There is profound wisdom in Aesop's parable of the greedy man. Zeus promised to grant him any wish provided that his neighbor would get twice as much. He could wish for a mansion, but his neighbor would get a castle. He could wish for twenty cows, but his neighbor would get forty. The story ends with the man wishing to lose one eye!

Roland Diller, one of Abraham Lincoln's neighbors in Springfield, wrote about an incident that happened in his early life. Called to his door by the cries of children in the street, he saw Lincoln striding by with two of his boys both of whom were wailing aloud. "Why, Mr. Lincoln, what's the matter with the boys?" he asked.

"Just what's the matter with the whole world," he answered. "I've got three walnuts, and each wants two."

That is, indeed, what is wrong with the whole world. Greed makes it hard to live with others because a person filled with greed sees other people as competitors instead of partners. Thus, greed destroys fellowship. It creates a kind of hell on earth — no satisfaction, no security, no peace, only the constant discontent of unfulfilled selfish desire.

However bad a generous person may be, some will like him (e.g. Robin Hood and Jesse James are honored in American folklore). On the other hand, however good a greedy person may be, all will detest him. Generosity covers a multitude of vices, but greed cancels a multitude of virtues. A miser may be valued as a ancestor but not as a neighbor. Greed makes it hard to live with others and…

Greed Makes It Hard to Live with God
Greed breaks the first four commandments. It causes people to invent substitute gods, giving them attractive images (Ephesians 5:5). Unsatisfied desire curses people and circumstances and destroys the Sabbath rest. Thus, greedy people smash the first table of the law and break off their relationship with God.

Greed makes it hard to live with God because greed is completely contrary to God's nature. God is infinitely generous. "He gives rain to those who do good and to those who do evil" (Matthew 5:45). There can be no fellowship between God whose heart is afire with love and people whose heart is frozen with greed.

When greedy people pray, it is not to seek God's will but to enlist his help in supplying their selfish desires. They seek God not for himself, but so they can hire God as a night watchman for Mammon.

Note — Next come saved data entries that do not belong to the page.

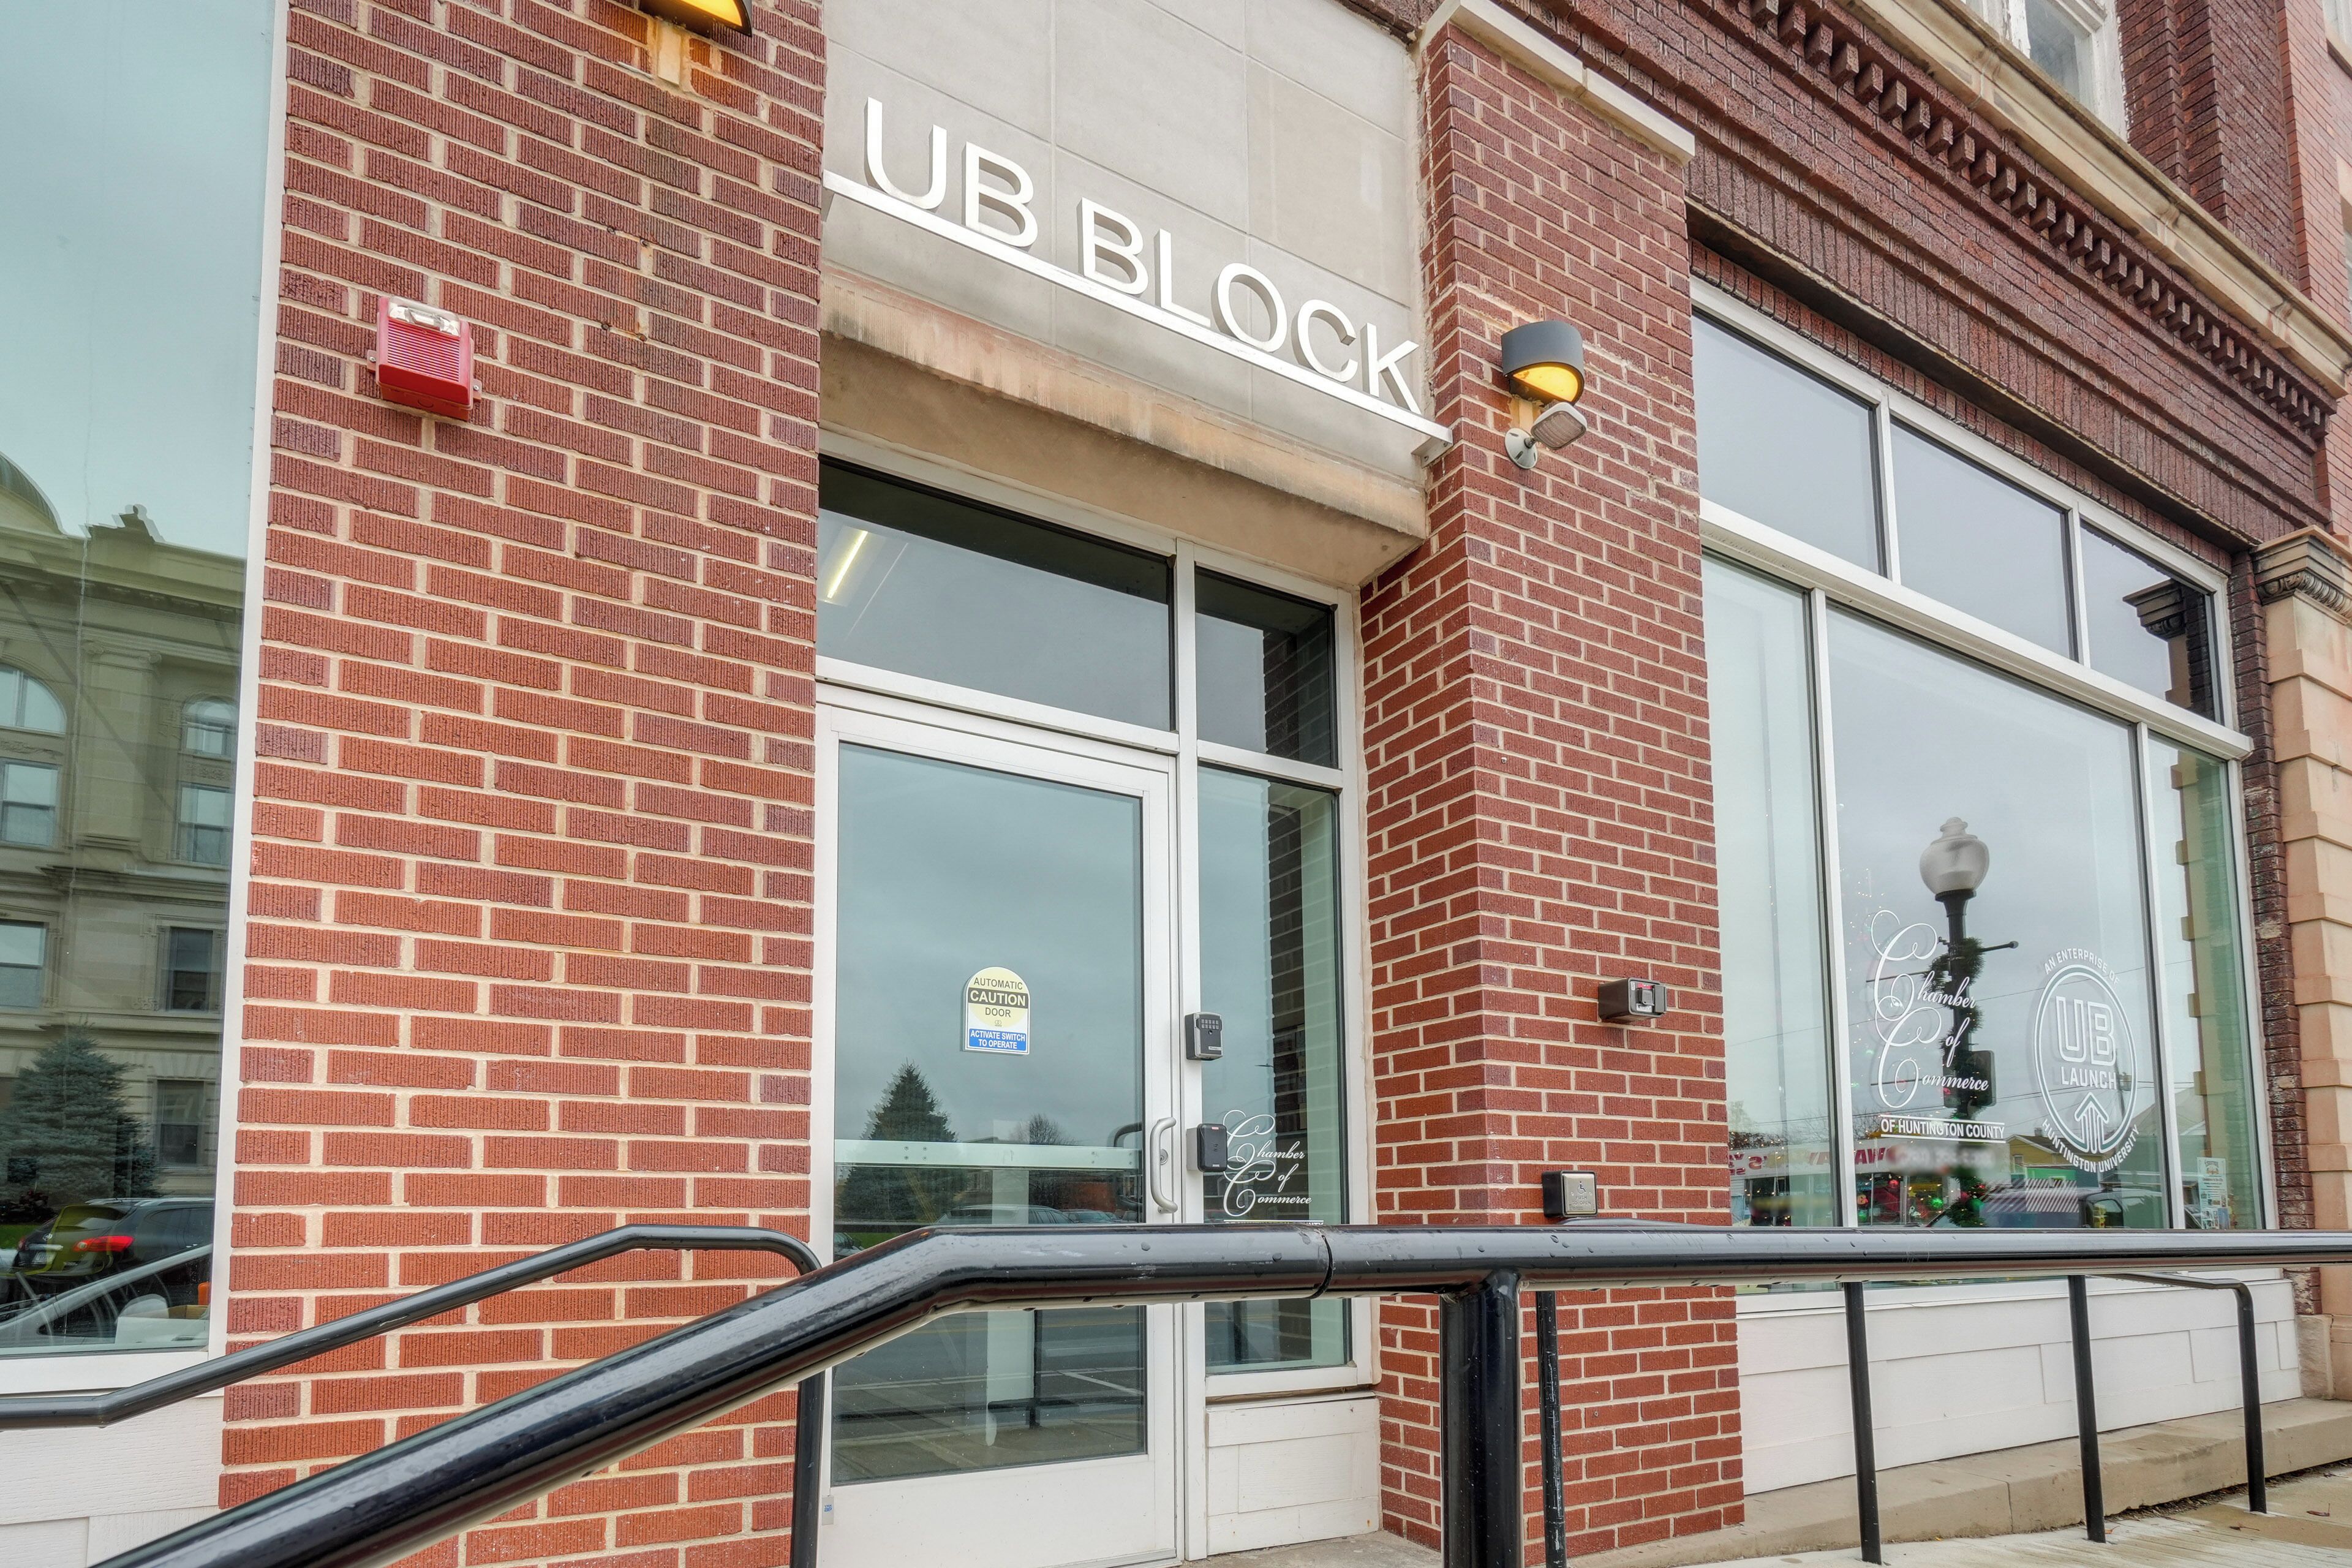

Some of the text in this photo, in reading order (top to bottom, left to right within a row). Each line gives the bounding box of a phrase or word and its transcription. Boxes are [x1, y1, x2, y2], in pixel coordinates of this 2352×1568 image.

[864, 97, 1421, 414] UB BLOCK
[973, 977, 1023, 990] AUTOMATIC
[1871, 910, 1976, 1021] Chamber
[2043, 948, 2120, 985] AN ENTERPRISE OF
[970, 990, 1026, 1006] CAUTION
[985, 1007, 1011, 1017] DOOR
[970, 1030, 1025, 1042] ACTIVATE SWITCH
[989, 1040, 1017, 1049] OPERATE
[1945, 1017, 1970, 1068] of
[2056, 996, 2116, 1066] UB
[1875, 995, 1989, 1108] Commerce
[2061, 1066, 2117, 1090] LAUNCH
[1223, 1110, 1306, 1170] Chamber
[1881, 1118, 2005, 1140] OF HUNTINGTON COUNTY
[2042, 1118, 2097, 1173] HUNTINGTON
[2098, 1124, 2139, 1172] UNIVERSITY
[1223, 1155, 1312, 1216] Commerce
[1278, 1164, 1299, 1193] of

By this time you may agree that greed makes it hard to live with yourself, with others and with God. But where, you may ask, can you find contentment that overcomes covetousness? Certainly not in a simple reassurance that you don't really need what you want. The fortress of desire is far too strong for that. Only a greater love can displace the deadly desire of covetousness. Paul advises the Corinthians to "Covet earnestly the best gifts" (1 Corinthians 12:31 KJV). The best gifts are not your neighbor's car, house, or wife. The best gifts are wisdom, kindness, courtesy and honesty. Paul said, "Set your hearts on the things that are in heaven… Keep your minds on things there, not on things here on earth… Put to death, then, the earthly desires at work in you, such as sexual immorality, indecency, lust, evil passions, and greed" (Colossians 3:1-5). The only thing that can conquer the strong desire of greed is the stronger desire for better things. "Fill your minds with those things that are good and that deserve praise: things that are true, noble, right, pure, lovely, and honorable" (Philippians 4:8-9).

David said, "Take delight in the Lord, and he will give you the desires of your heart" (Psalm 37:4). That doesn't mean the Lord will give you what you want, but he will fix your "wanter." The secret to overcoming covetousness is to desire God so much you can't be bothered by inordinate greed for anything else.